Write every entry out again exactly, please, and skip the pictures.

*** Opening EXERCISE MATERIALS ***

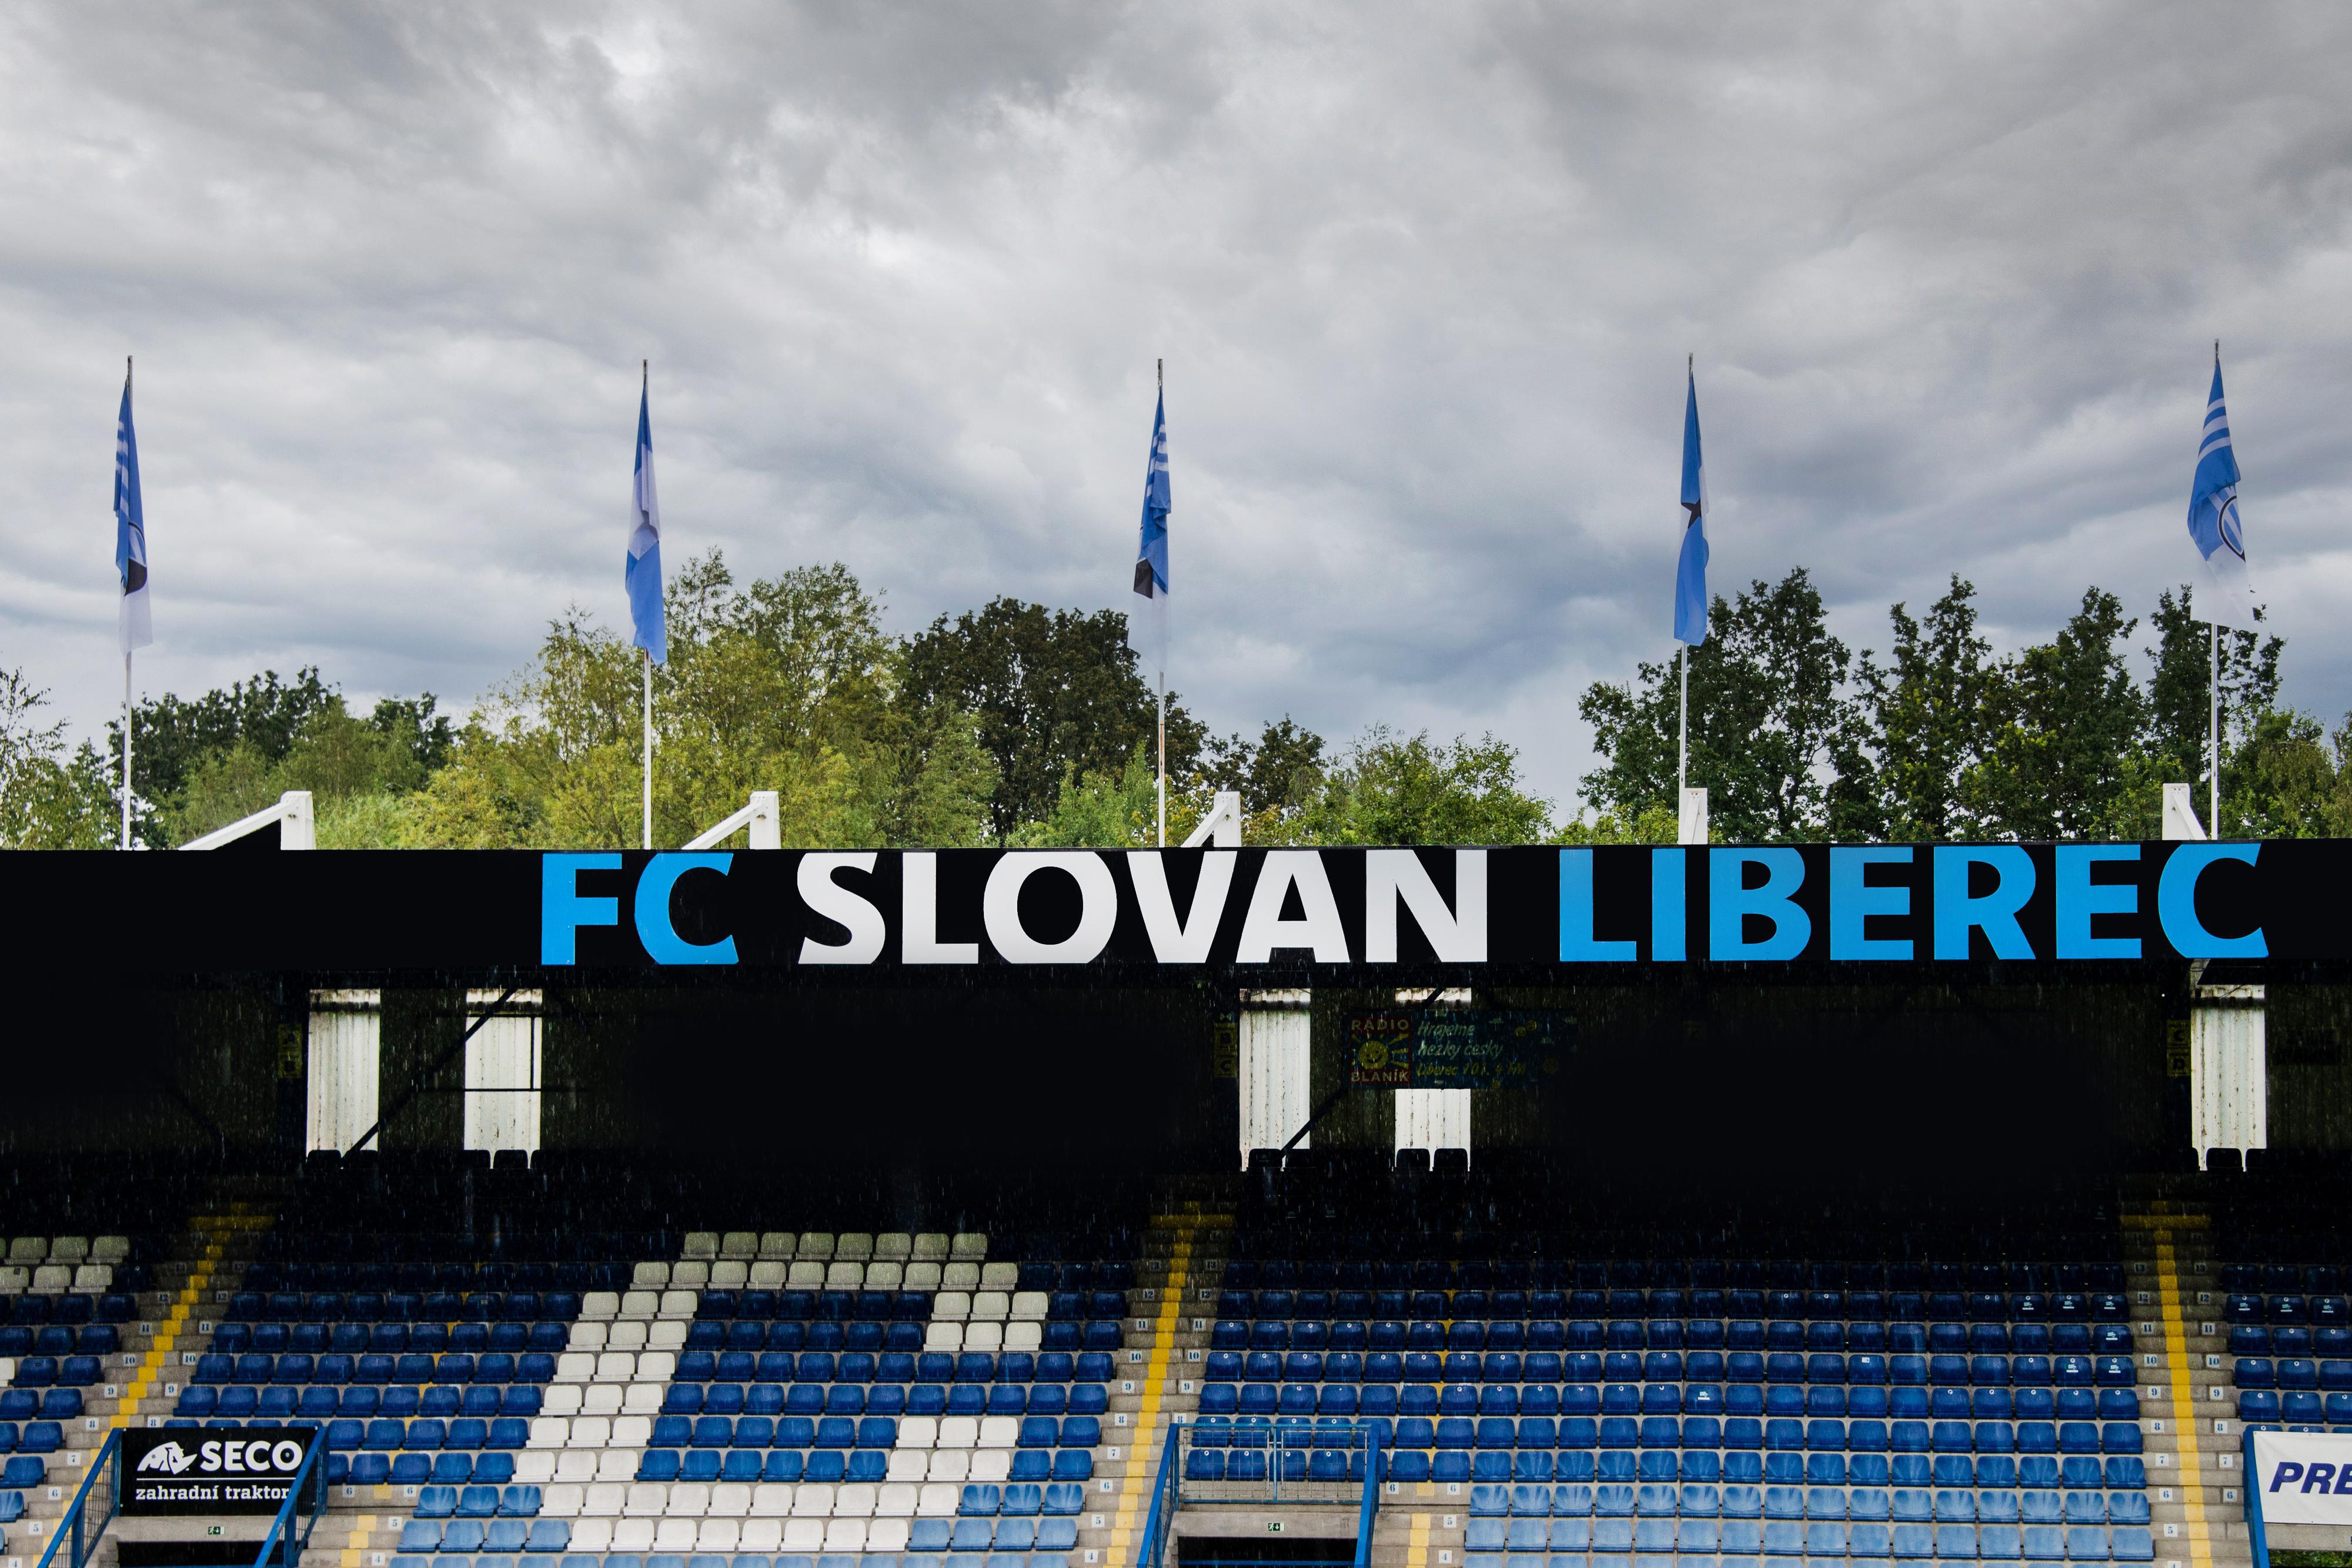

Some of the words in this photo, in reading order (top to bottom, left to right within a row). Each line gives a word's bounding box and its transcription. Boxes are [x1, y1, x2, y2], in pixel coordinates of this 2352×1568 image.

[542, 853, 739, 965] FC
[797, 850, 1488, 964] SLOVAN
[1559, 843, 2269, 962] LIBEREC
[200, 1440, 303, 1471] SECO
[136, 1485, 219, 1500] zahradní
[225, 1485, 292, 1500] traktor
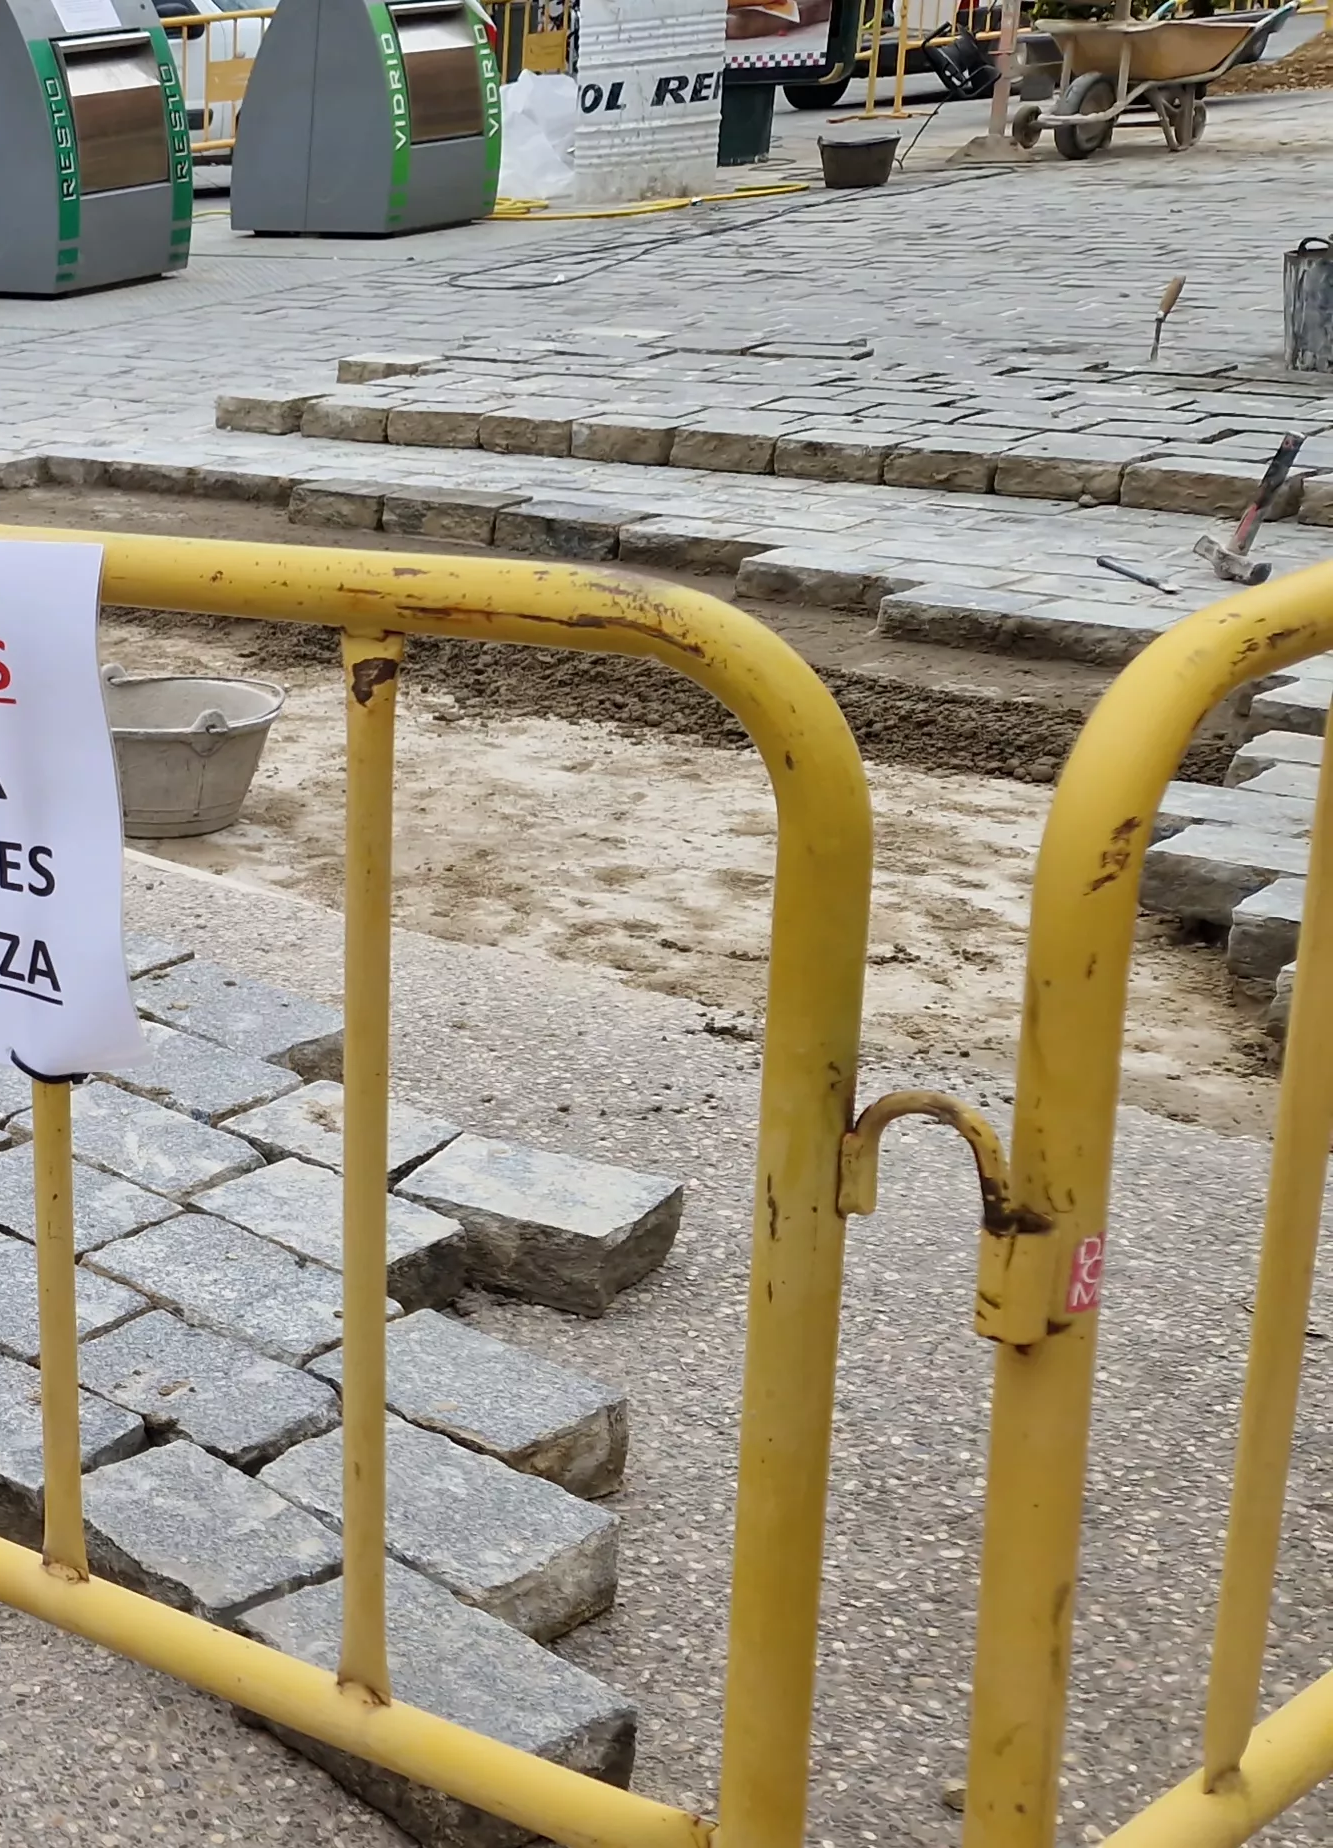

*** Closing EXERCISE MATERIALS ***

#### EXPECTED OUTPUT
Some of the words in this photo, in reading order (top to bottom, left to right within a row). Each line gives a word's bounding box and its transcription. Boxes are [x1, y1, x2, y2], in pixel coordinates of this 2352×1568 image.

[542, 853, 739, 965] FC
[797, 850, 1488, 964] SLOVAN
[1559, 843, 2269, 962] LIBEREC
[200, 1440, 303, 1471] SECO
[136, 1485, 219, 1500] zahradní
[225, 1485, 292, 1500] traktor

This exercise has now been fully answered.